Zelenskyy pitches Black Sea corridor know-how to reopen Strait of Hormuz

Zelenskyy says Ukraine’s Black Sea corridor playbook—layered protection, sea drones and insurance risk-sharing—could help re-open the Strait of Hormuz, a direct energy-security concern for Europe.

Ukrainian official speaking as maritime drones and commercial shipping imagery illustrate corridor protection concepts.
Ukrainian official speaking as maritime drones and commercial shipping imagery illustrate corridor protection concepts.

Key facts

  • Zelenskyy says Ukraine can share Black Sea corridor expertise to help re-open the Strait of Hormuz.
  • Ukraine’s Black Sea approach is described as a layered protection system: air defence, mine countermeasures, and coordinated coastal/air forces.
  • Ukrainian maritime drones are claimed to have evolved into multi-role platforms and to have downed Russian helicopters and jets; Kyiv also used an insurance cost-sharing program to sustain shipping.

3 minute read

Ukraine is positioning its Black Sea operational experience as a template for managing maritime coercion in the Strait of Hormuz, with President Volodymyr Zelenskyy arguing that Kyiv’s success in re-opening export routes despite Russian pressure has produced practical expertise relevant to the Gulf.
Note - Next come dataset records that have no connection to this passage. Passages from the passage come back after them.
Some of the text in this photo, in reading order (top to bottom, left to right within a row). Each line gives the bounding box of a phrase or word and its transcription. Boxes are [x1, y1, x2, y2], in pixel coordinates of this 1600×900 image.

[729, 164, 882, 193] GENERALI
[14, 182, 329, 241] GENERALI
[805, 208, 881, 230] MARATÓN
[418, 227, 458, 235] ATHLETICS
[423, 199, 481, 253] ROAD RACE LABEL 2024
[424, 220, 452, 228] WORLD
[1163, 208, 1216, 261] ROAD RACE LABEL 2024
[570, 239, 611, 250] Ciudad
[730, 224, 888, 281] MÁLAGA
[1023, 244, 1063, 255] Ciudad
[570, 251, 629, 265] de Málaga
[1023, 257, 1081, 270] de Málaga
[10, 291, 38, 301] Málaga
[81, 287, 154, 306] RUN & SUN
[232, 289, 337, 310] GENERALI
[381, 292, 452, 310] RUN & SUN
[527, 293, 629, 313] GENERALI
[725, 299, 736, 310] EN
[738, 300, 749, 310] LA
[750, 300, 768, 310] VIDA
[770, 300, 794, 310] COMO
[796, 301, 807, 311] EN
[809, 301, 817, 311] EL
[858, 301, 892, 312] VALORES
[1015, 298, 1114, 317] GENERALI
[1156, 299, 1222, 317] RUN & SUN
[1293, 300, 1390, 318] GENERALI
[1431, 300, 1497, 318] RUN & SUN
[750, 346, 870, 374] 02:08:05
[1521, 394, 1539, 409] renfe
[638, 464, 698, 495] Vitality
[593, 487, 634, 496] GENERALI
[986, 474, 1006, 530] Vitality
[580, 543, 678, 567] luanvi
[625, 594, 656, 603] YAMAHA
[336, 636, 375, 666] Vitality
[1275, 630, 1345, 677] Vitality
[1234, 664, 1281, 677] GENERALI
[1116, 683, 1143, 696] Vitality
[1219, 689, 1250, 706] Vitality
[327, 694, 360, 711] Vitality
The offer comes amid reporting that Iran is blocking Hormuz in retaliation for U.S. and Israeli strikes, and as Washington presses allies to support U.S.-led efforts to re-open the passage. More than 20 countries have reportedly agreed to assist, but political appetite to escalate into direct conflict with Iran remains limited.
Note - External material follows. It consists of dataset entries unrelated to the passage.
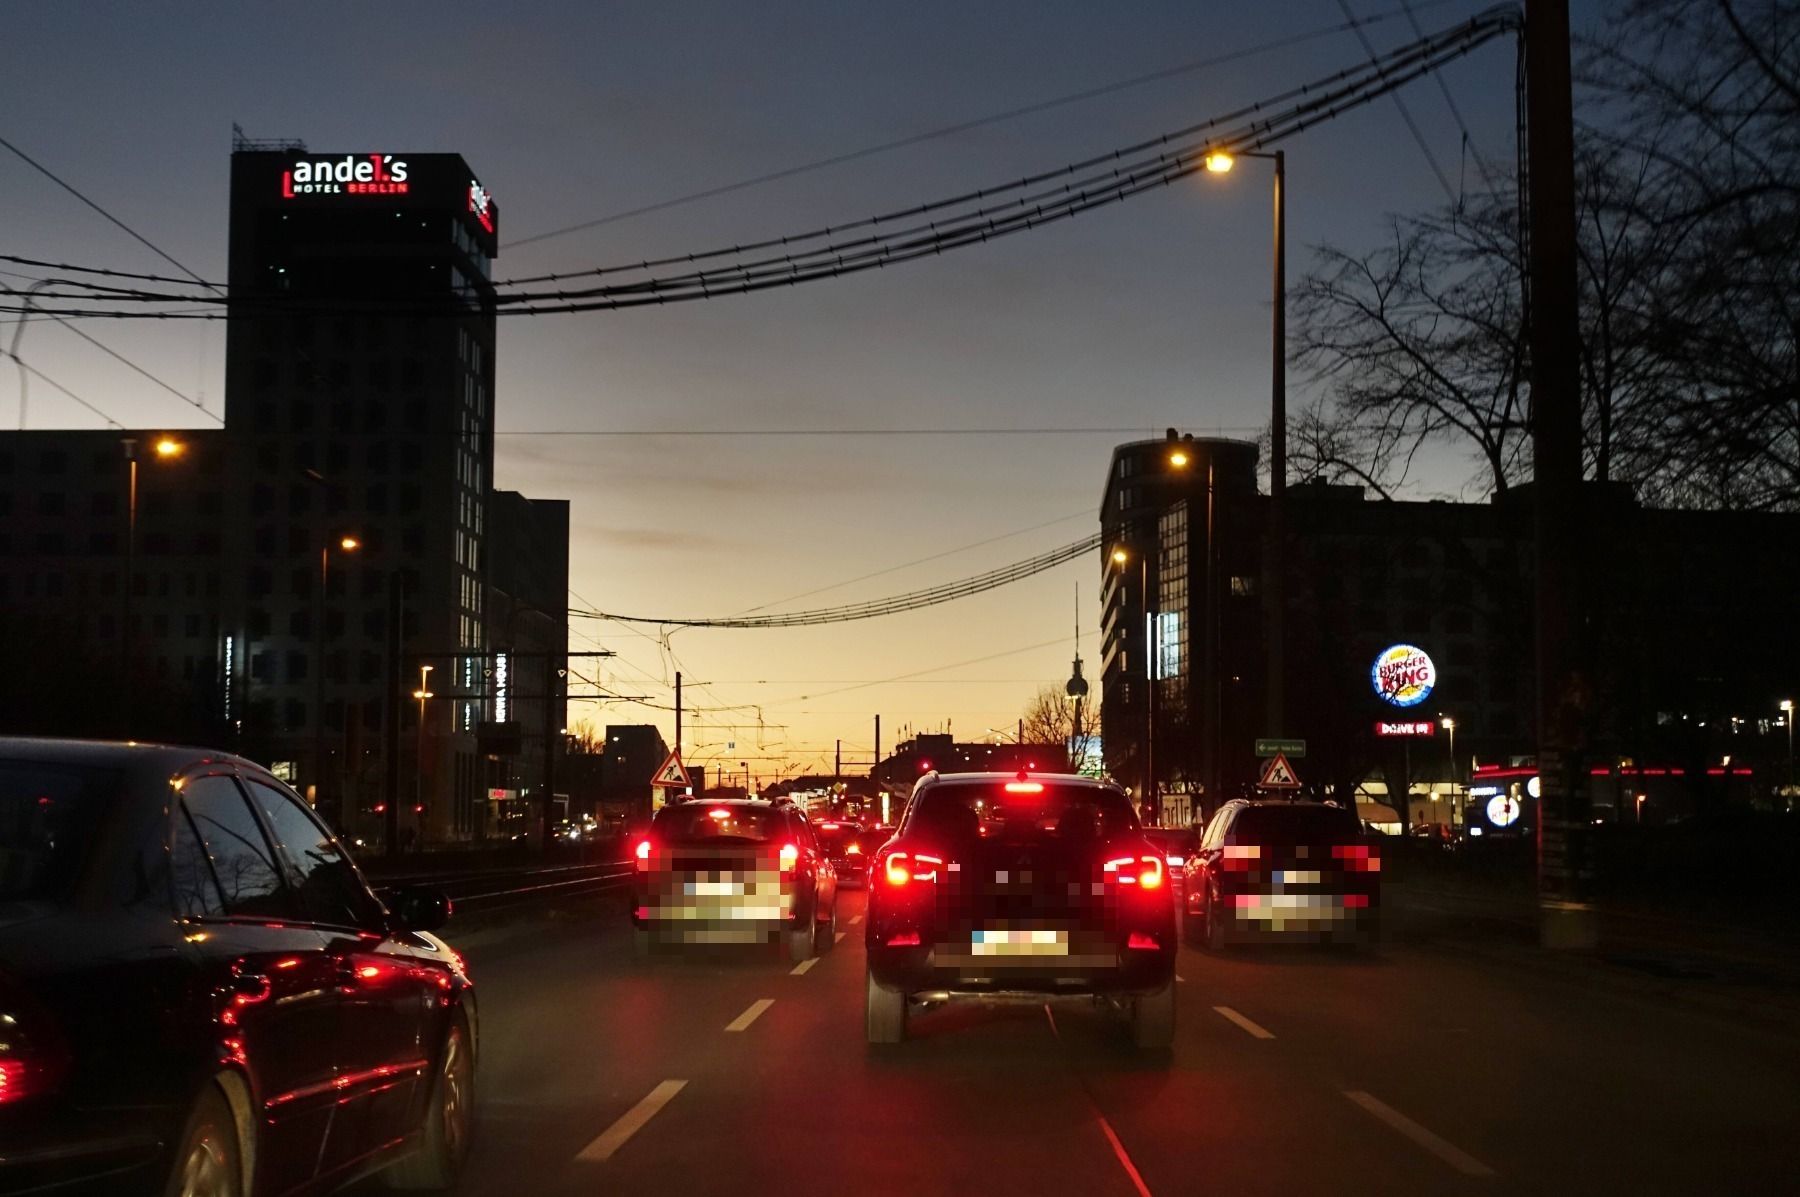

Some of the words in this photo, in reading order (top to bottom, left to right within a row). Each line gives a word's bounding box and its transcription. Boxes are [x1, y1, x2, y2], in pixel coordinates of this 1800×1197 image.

[293, 184, 341, 193] HOTEL
[347, 183, 408, 194] BERLIN
[1379, 656, 1426, 678] BURGER
[1381, 667, 1429, 693] KING
[495, 688, 506, 723] IENNA
Kyiv’s pitch is notable for treating “unblocking” as an ecosystem problem rather than a single military action. Ukrainian monitoring and industry sources describe the Black Sea corridor as a layered protection construct: air and missile defence against strikes on shipping approaches and port areas; mine countermeasures; and coordinated employment of coastal artillery, air force and other units to control a defined sea lane from Romanian territorial waters to Odesa. The corridor’s viability is evidenced by continued traffic into Odesa-region ports despite ongoing Russian missile and drone attacks, with one Ukrainian estimate putting port calls at around 200 cargo ships per month.
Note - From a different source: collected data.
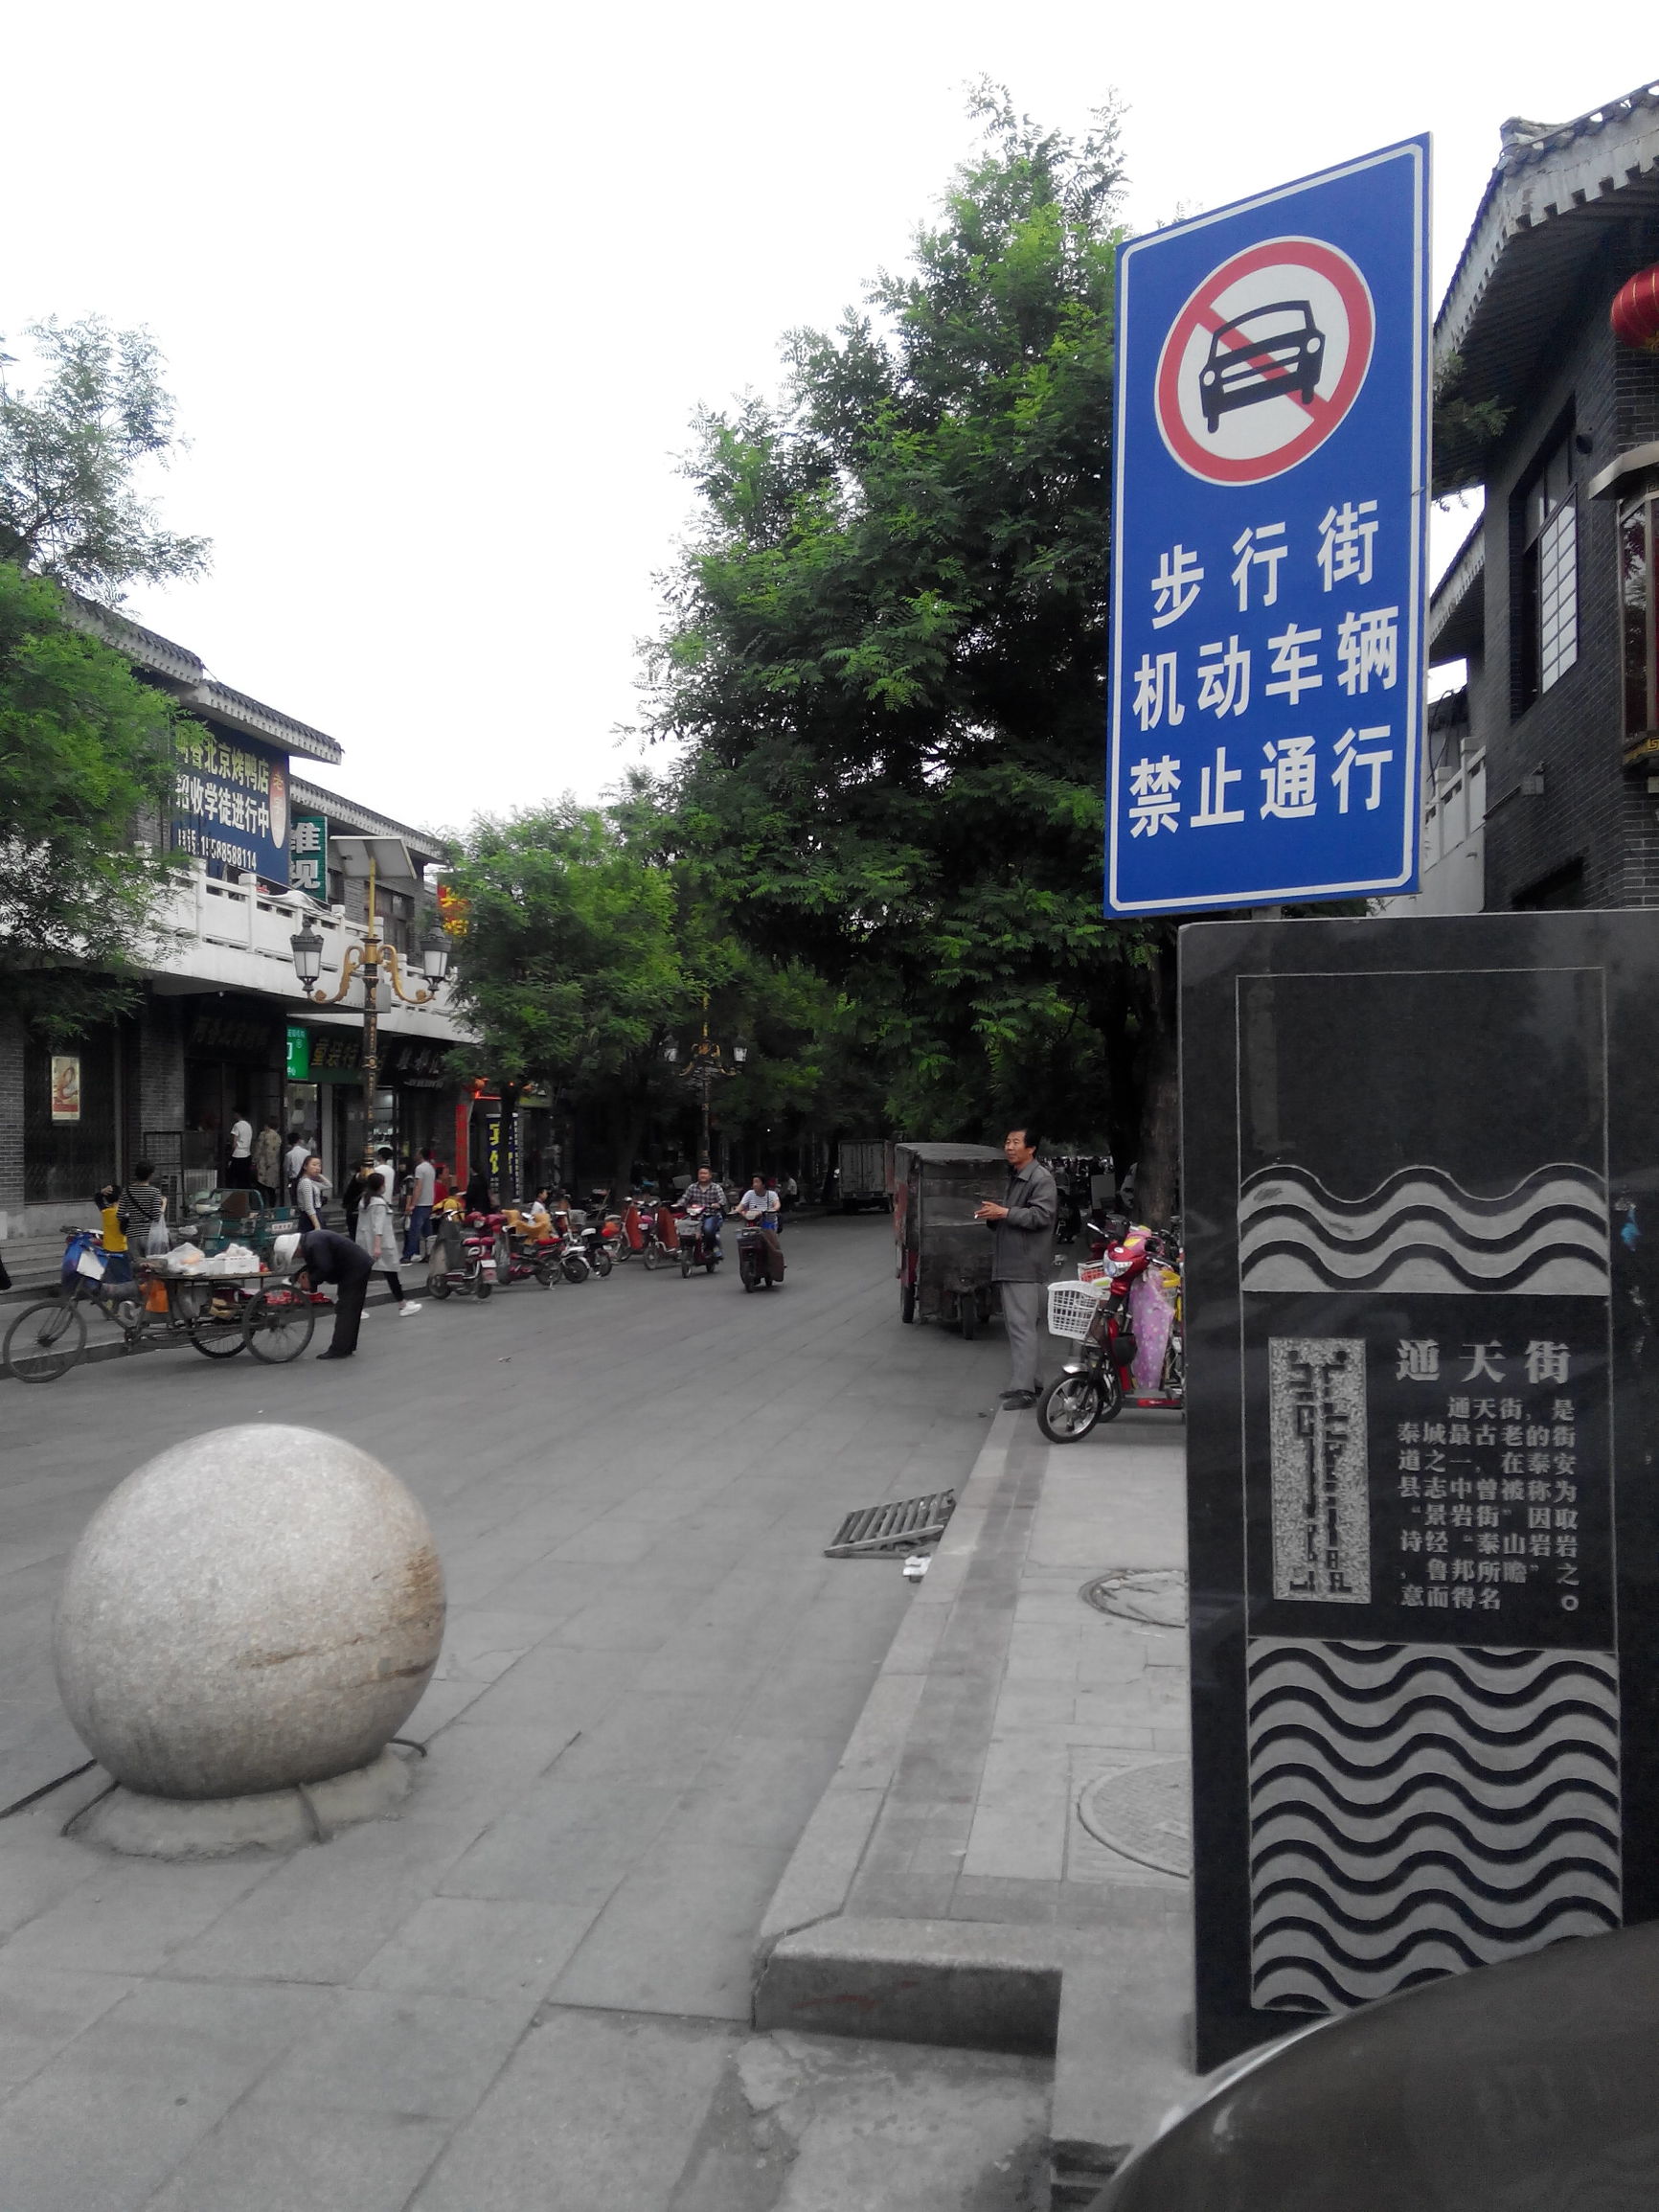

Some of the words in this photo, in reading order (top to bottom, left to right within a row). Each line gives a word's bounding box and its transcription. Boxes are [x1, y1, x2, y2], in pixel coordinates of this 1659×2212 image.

[1151, 499, 1379, 630] 步行街
[1132, 605, 1398, 732] 机动车辆
[1129, 724, 1394, 839] 禁止通行
[1396, 1338, 1571, 1384] 通天街
[1447, 1396, 1576, 1422] 通天街，是
[1398, 1421, 1577, 1448] 泰城最古老的街
[1398, 1475, 1579, 1504] 县志中曾被称为
A central military differentiator has been Ukraine’s rapid iteration in maritime uncrewed systems. Ukrainian industry claims its sea drones have evolved from one-way attack craft into multi-role platforms able to carry machine guns, rocket launchers and FPV drones, and that they have been used to shoot down Russian helicopters and fixed-wing aircraft. If validated and transferable, that concept suggests a lower-cost, distributed method to impose risk on manned naval forces and to deter interdiction attempts—highly relevant for any coalition considering persistent presence and convoy protection in constrained waters.

For Europe, the implication is twofold. First, Hormuz disruption directly impacts European energy pricing and LNG supply risk; a de-escalatory, protection-focused “corridor” concept could be politically more palatable than overt offensive operations. Second, Ukraine is marketing operational art and systems integration—uncrewed maritime capabilities, layered air defence, and commercial risk-sharing—as exportable expertise. That strengthens Kyiv’s case for deeper European industrial and doctrinal cooperation in maritime unmanned systems, insurance-backed shipping resilience, and coalition MCM/air defence interoperability, even if direct European participation in combat operations against Iran remains unlikely.